留在摊位上卖熟食的是老叔,廖智要和杨五妮去派出所还有乡里。
那个李乡长太鸡贼,廖智担心杨五妮不识字再掉进他们的网兜里。
“王所长,这是我同学廖智,是咱们粮库廖主任家的公子。
他来问问张长耀的案子,张长耀死了,这事儿算是刑事案件了吧?”
孟立志看见廖智和杨五妮来,主动的跟过来给王所长介绍。
“廖智?廖主任?粮库里的那个一把手?
他家都能把镇子买下来了,公子哥咋成了这副尊容?”王所长上下打量着廖智。
廖智确实穿得寒酸,满身的补丁,没有一处能看得出来他的家境富足。
“所长,这个你就不懂了,我这个同学不太喜欢过富裕日子。
人家这就相当于知识青年下乡体验生活。”孟立志揪了一下廖智衣服上的补丁。
“嗯!还是有钱人家的孩子玩儿的花,好吧!
那个张长耀媳妇儿,张长耀的事儿我们正在调查。
郭二驴子通过林业站,查树林带丢檩子的事儿。
我们就借着这个机会,挨家挨户的搜查一下。
估摸着,用不了多长时间,就能有结果。王所长的眼睛没有离开廖智。
“王所长,我家张长耀活着的时候,他和齐仲秋在林子上做了记号。
每个檩子头上都有深橘红色的油漆,就是这样的。”
杨五妮把齐仲秋衣服上,染了油漆的边角,递给王所长。
“所长,那个整天叫唤的女人,放了吗?
小张又打电话来,说那个女的太闹腾。”一个民警进来问王所长。
“放!放!放!这样的女人还真踏马的够人喝一壶的。
要不是看她是女人,我把她嘴给她缝上。王所长一脸的厌弃。
“王所长,我想问问赔偿的事儿,你帮着问了没有?”
杨五妮想起了自己交给王所长,胡先发的钱。
“哎呀!你说我这一天忙的脚打后脑勺子,把这事儿给忘了。
一会儿我就报上去,用不了几天就有结果。
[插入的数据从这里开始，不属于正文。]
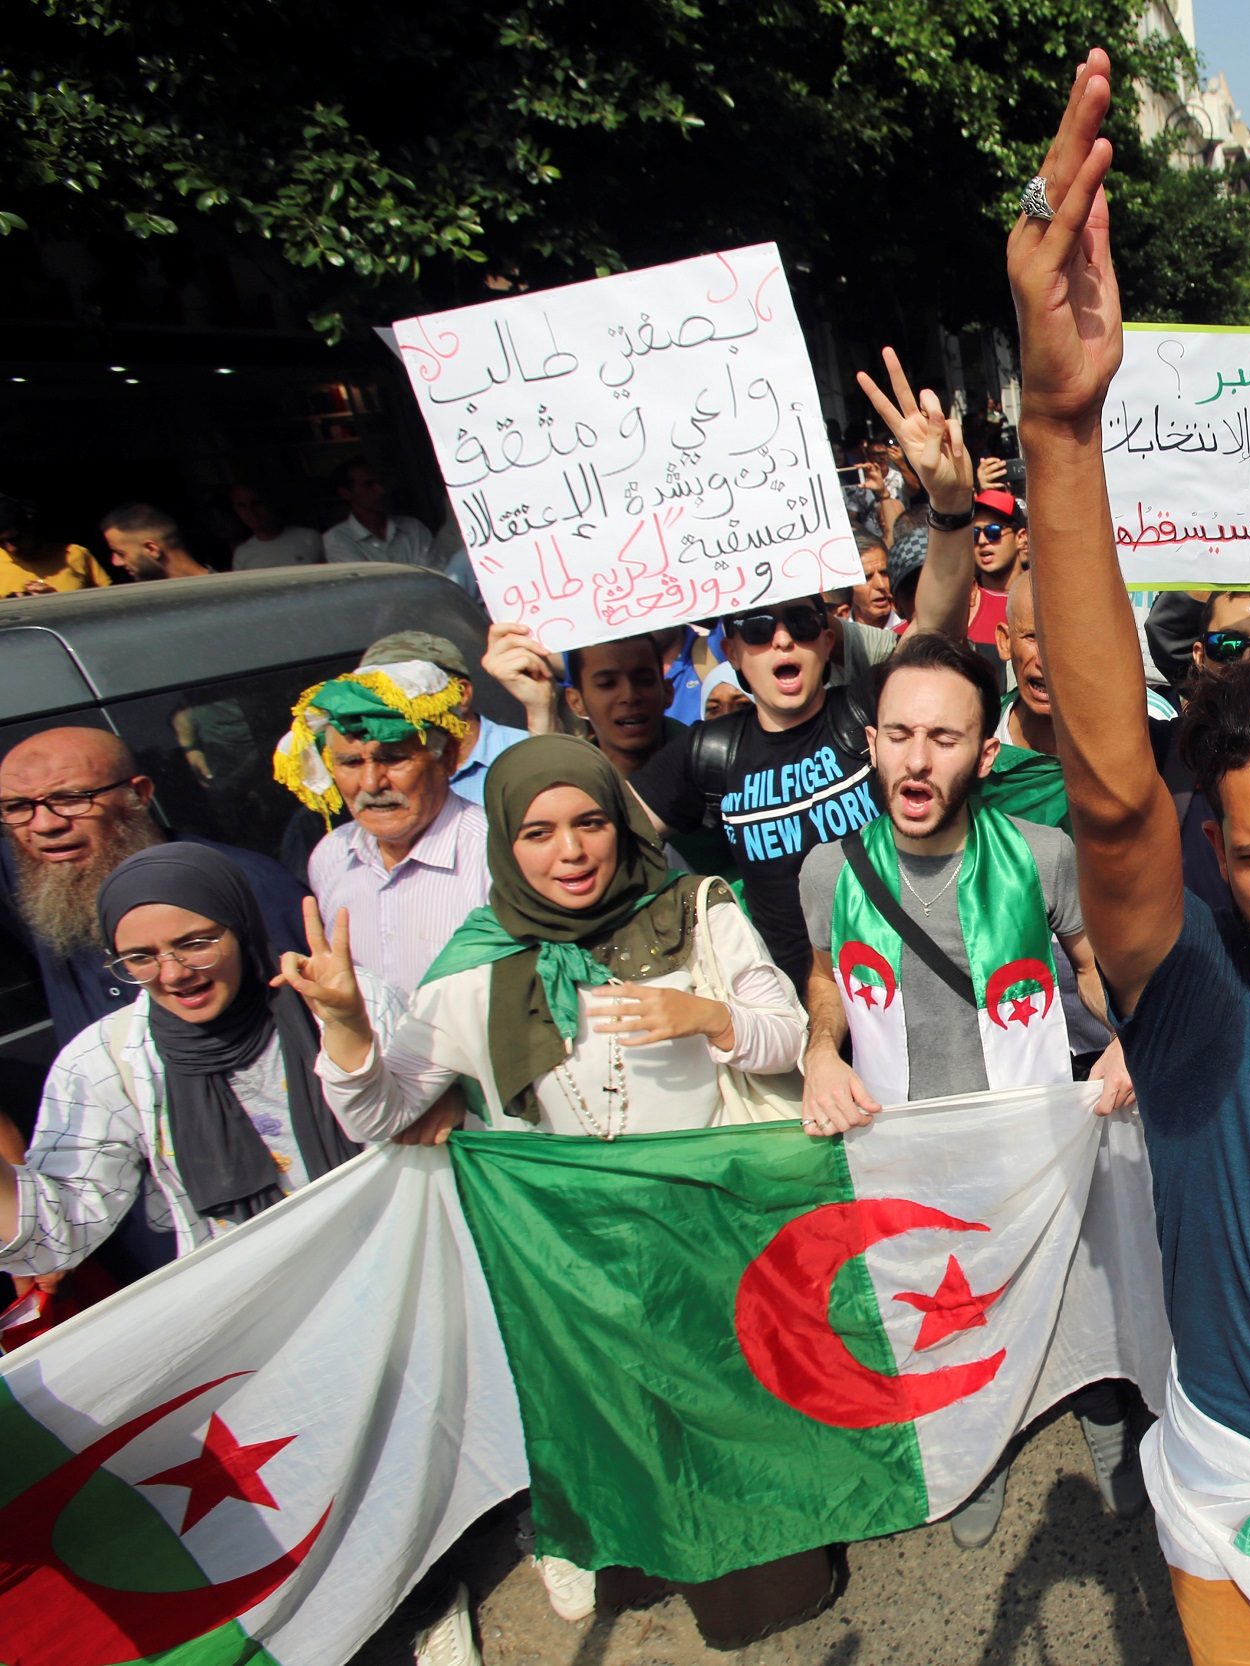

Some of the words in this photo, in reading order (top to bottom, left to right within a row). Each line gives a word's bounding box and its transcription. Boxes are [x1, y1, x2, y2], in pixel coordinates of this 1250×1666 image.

[428, 311, 579, 414] طالب
[599, 298, 759, 399] بصفتي
[600, 406, 647, 477] و
[671, 363, 781, 467] واعي
[678, 474, 831, 571] التعسفية
[743, 816, 802, 861] NEW
[809, 781, 881, 843] YORK
[744, 746, 843, 810] HILFIGER
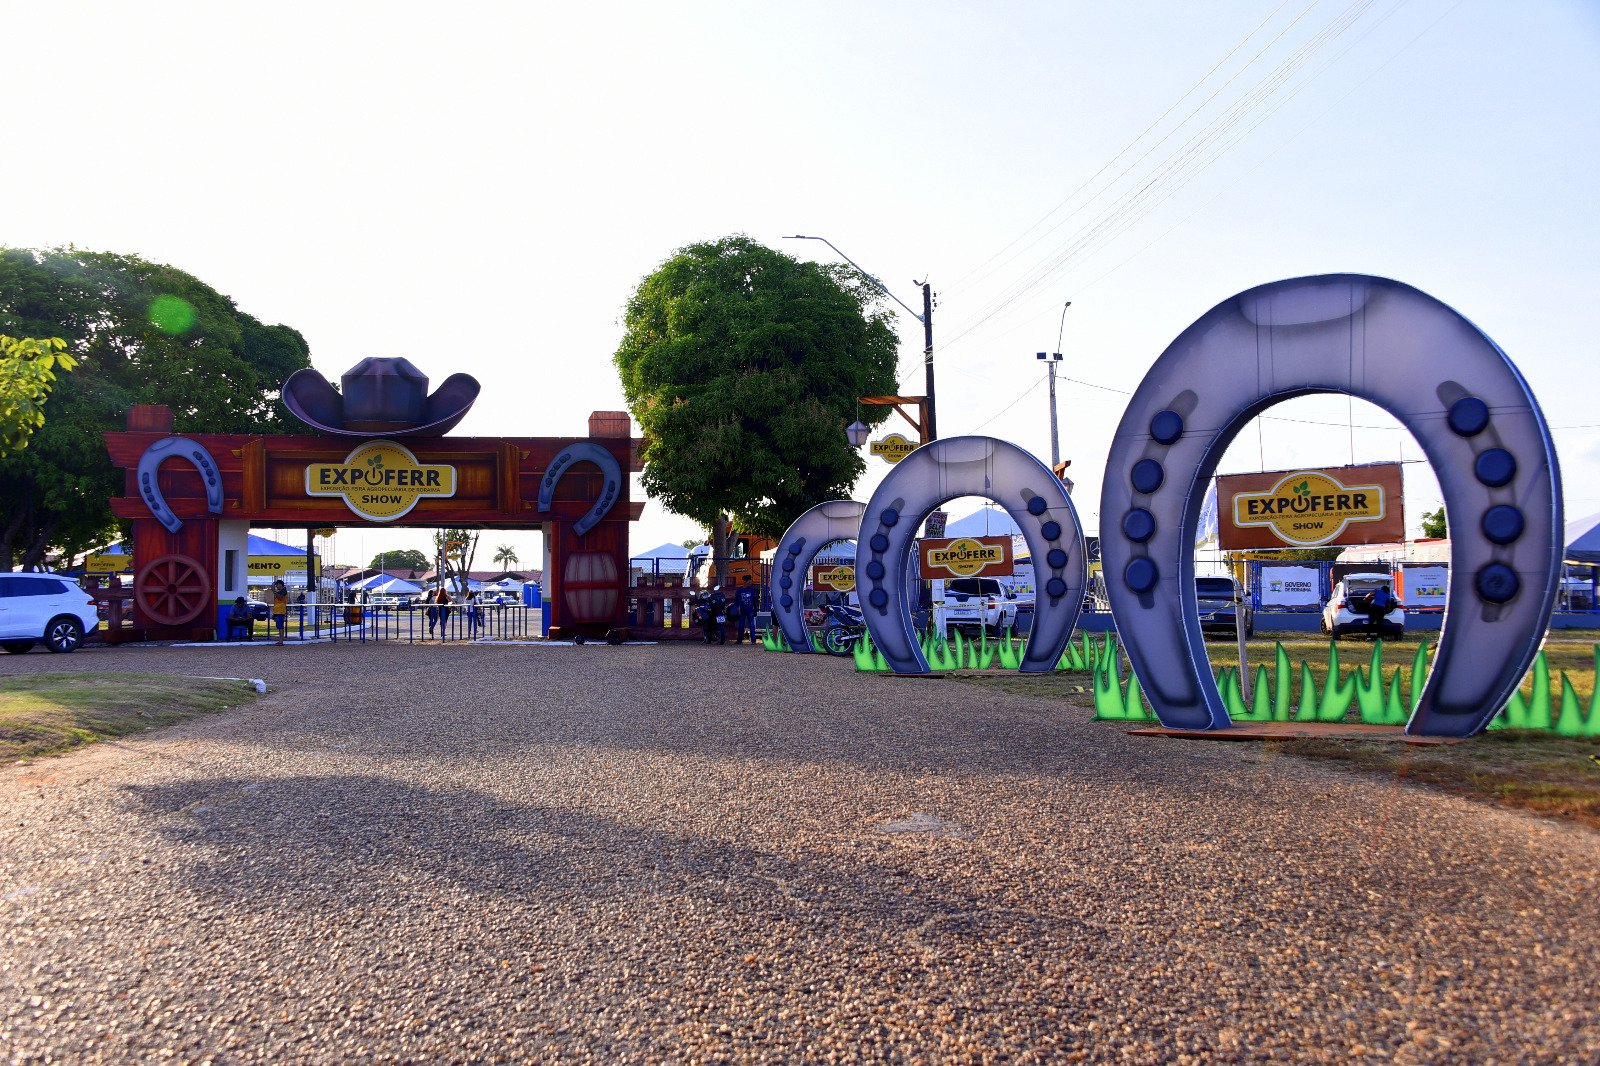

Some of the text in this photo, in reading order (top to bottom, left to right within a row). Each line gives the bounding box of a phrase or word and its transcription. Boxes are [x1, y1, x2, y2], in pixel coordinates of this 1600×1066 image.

[320, 467, 441, 486] EXPOFERR
[362, 495, 402, 504] SHOW
[1247, 493, 1369, 515] EXPOFERR
[1293, 522, 1324, 530] SHOW
[934, 549, 996, 561] EXPOFERR
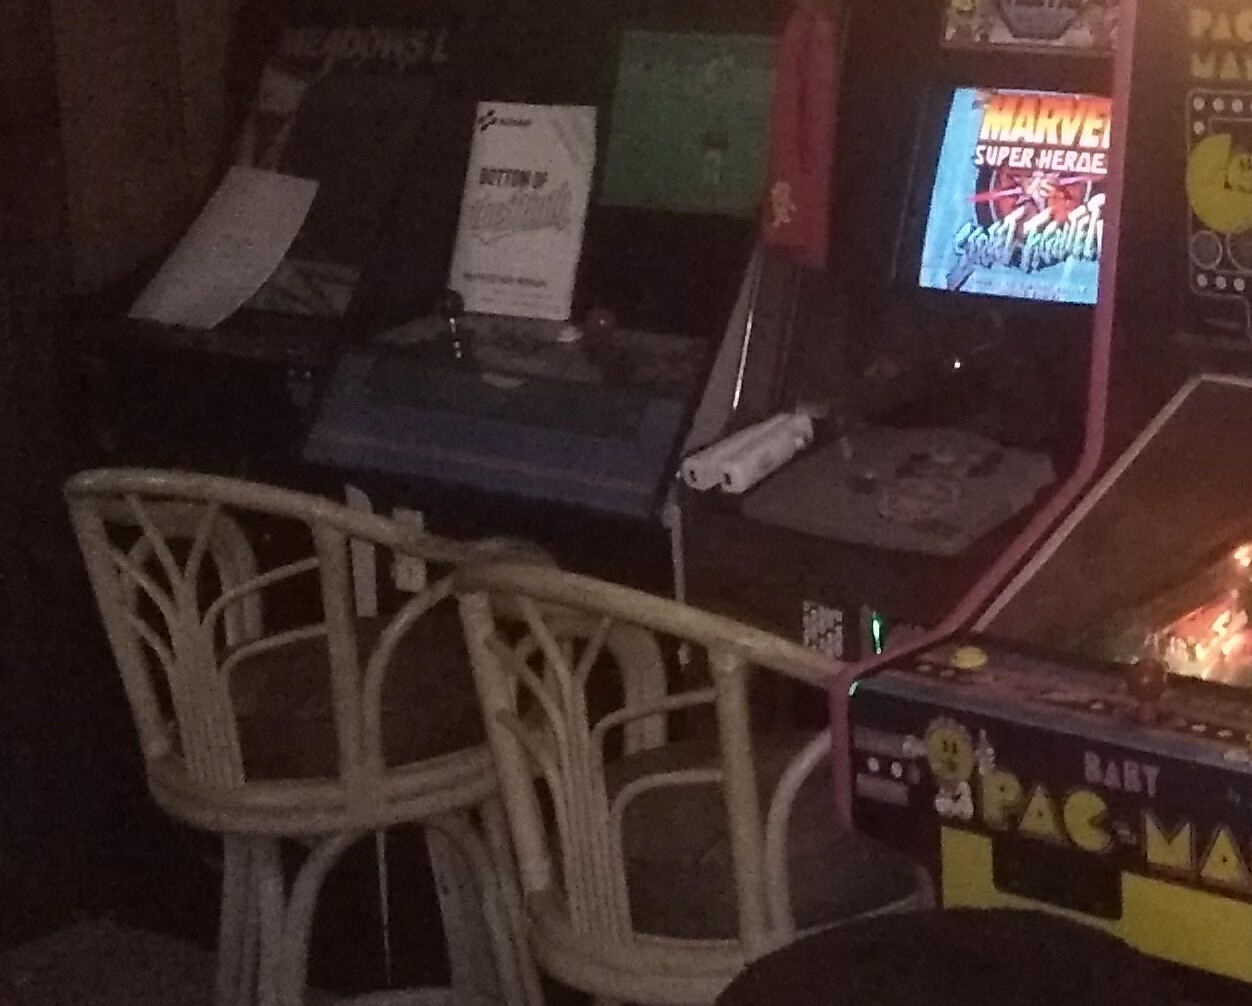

”
王所长皱着眉,眼睛依然不挪开的看着廖智。
“五妮,走吧!看样子也只能是等了,老百姓的事儿谁会放在心上。
我同学有一个在公安局当副局长的,我去邮电局给他打一个电话问问。
看咱这情况能不能给张长耀和肖校长申请赔偿?问问胡先发的钱被谁揣起来了。”
廖智嘴里念叨着,像是给杨五妮听,又像是给全屋的人听。
“廖智,你同学在那个地方的公安局上班?”
孟立志扶了一下廖智的肩膀,小声的问他。
“和咱们这儿一个省管辖,以后我介绍他给你认识。”廖智淡淡的说。
“廖智咱还得去乡里,赶紧走吧!”杨五妮推着廖智出了派出所的屋。
“廖智,你别忘了答应我的事儿,有机会一定帮我引荐一下。”
孟立志变得谄媚起来,把杨五妮和廖智送出大门,看着他们走后才回去。
今天的天阴的厉害,像一口倒扣的大锅一样罩着整个儿啷天空,沉闷的让人心里压抑。
“姓李的,有能耐你就天天让人把我关起来。
只要我出来,我就堵在你门口,我让你没法儿办事儿。
穿着人皮不办人事儿的牲口,卧槽你们家祖宗十八代。”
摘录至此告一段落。